Вячеслав Викторович сел на тахте, потянув за собой одеяло, пальто и халат и
прислонившись спиной к стене. Сейчас, когда он вот так прислонился к стене, стало видно,
какие худые, выпирающие ключицы у него там, под грязным шерстяным бельем.
— Тебе будет странно, — сказал он, — но я сам один раз уже подумал об этом.
— И даже знаю когда. Когда я говорил тебе, что, может, попаду в армию к нашему
общему знакомцу — Ефимову. Так?
— Да. Подумал, но смолчал, понимая, что это невозможно, не от тебя зависит. Не
стал напрасно сотрясать воздух: ах, как бы я хотел поехать! Чувства стыда не потерял. Кое-
что про меня — правда, но это клевета.
— Укройся, — сказал Лопатин, — тебе холодно.
— Мне не холодно. Только налей мне чаю — неохота вставать.
Лопатин налил стакан, подал ему и сел на край тахты.
— Еще не остыл, — Вячеслав Викторович отхлебнул глоток.
Он сжимал стакан в руках, согревая им ладони. — Скажи мне, пожалуйста.
Несколько раз удерживался от того, чтобы спросить у других, а у тебя спрошу: тот П. А. ,
который иногда пишет у вас в "Звезде" очерки из действующей армии, — неужели это тот
самый, которого таким смертным боем били в начале тридцатых за все, что бы он ни
написал. И за идеализм, и за пацифизм, и за псевдогуманизм, и еще черт знает за что! И
просто за некоторые странности его письма. Неужели он?
— Он самый, — сказал Лопатин. — Странностей его письма я и теперь не поклонник,
но сам он в моих глазах выше всех похвал.
Начал с ополчения, дослужился до пехотного капитана и на второй год войны, когда
никто уже и не думал, где он и что он, а если и думал, считал, что этот уж, конечно, в
эвакуации, — прислал в редакцию свой первый очерк, написанный от руки и без
напоминаний, что он писатель.

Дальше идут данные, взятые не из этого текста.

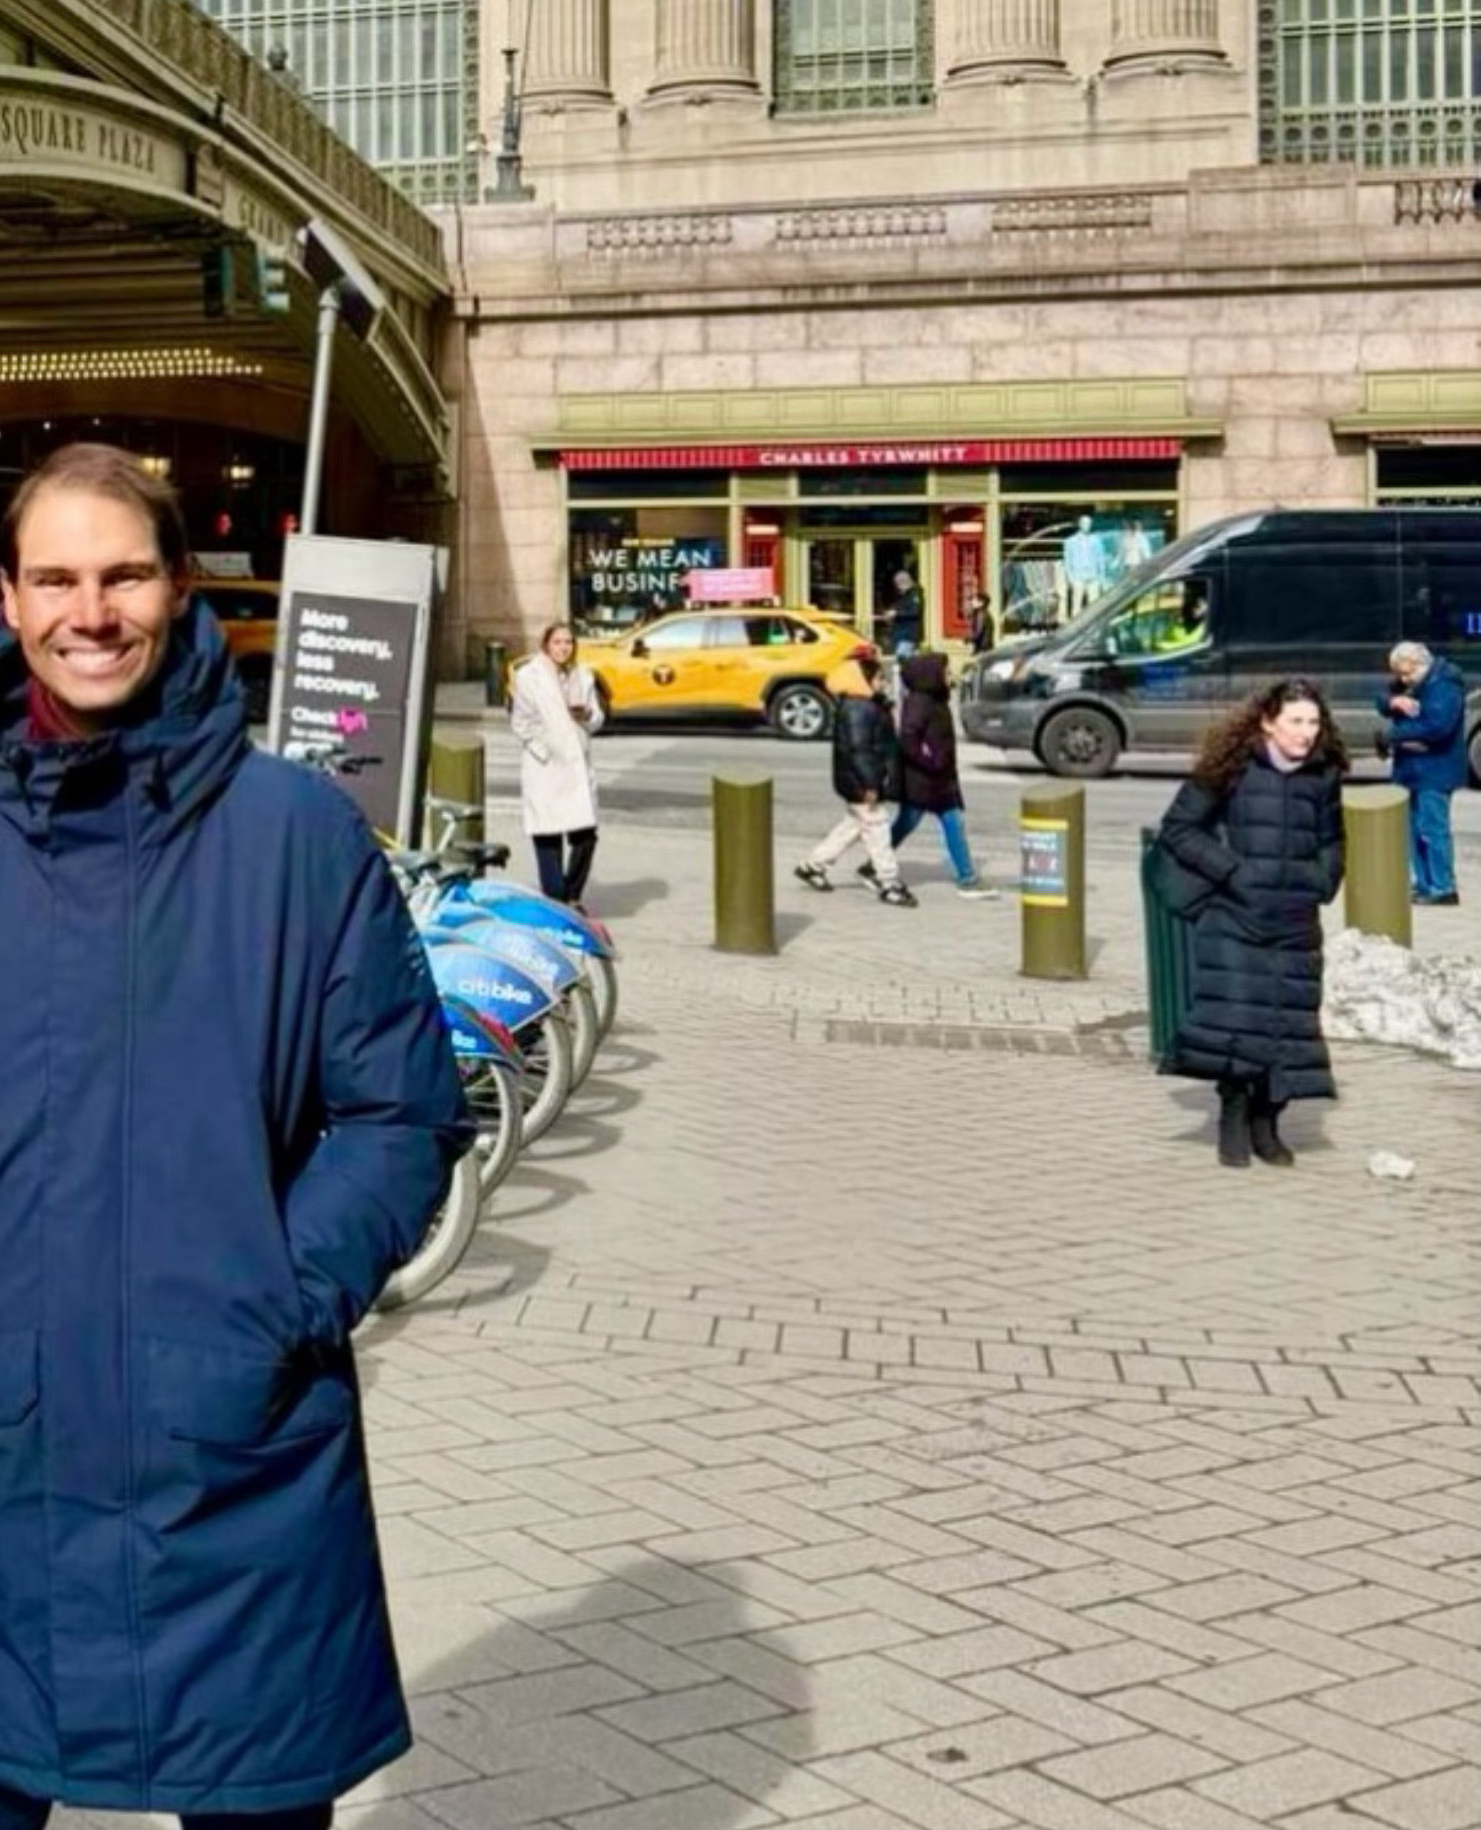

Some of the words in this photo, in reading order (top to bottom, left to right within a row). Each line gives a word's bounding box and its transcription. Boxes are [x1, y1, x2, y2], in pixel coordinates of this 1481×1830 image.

Прислал не как иногда мы, грешные, — из штаба фронта, с
пометкой: "Действующая армия", а прямо с переднего края и без пометки. Пометку уже в
редакции поставили. Напечатали первый — прислал второй. После второго забрали в
редакцию в приказном порядке. Не только без его просьб, но и без согласия. С тех пор ездит
от нас и пишет. Наши ребята-корреспонденты стараются подгадать, поехать с ним в паре.
Любят молодой любовью и называют между собой "Тушиным".
— Сам его видел? — спросил Вячеслав Викторович.
— На войне не приходилось. Только раз — в редакции. Съехались с разных фронтов,
выпили три чайника чая с колбасой, которую добыл нам один неравнодушный к литературе
старший политрук, и обменялись сапогами. За чаем выяснилось, что мне мои велики, а ему
его жмут. Между прочим, и сейчас в его сапогах.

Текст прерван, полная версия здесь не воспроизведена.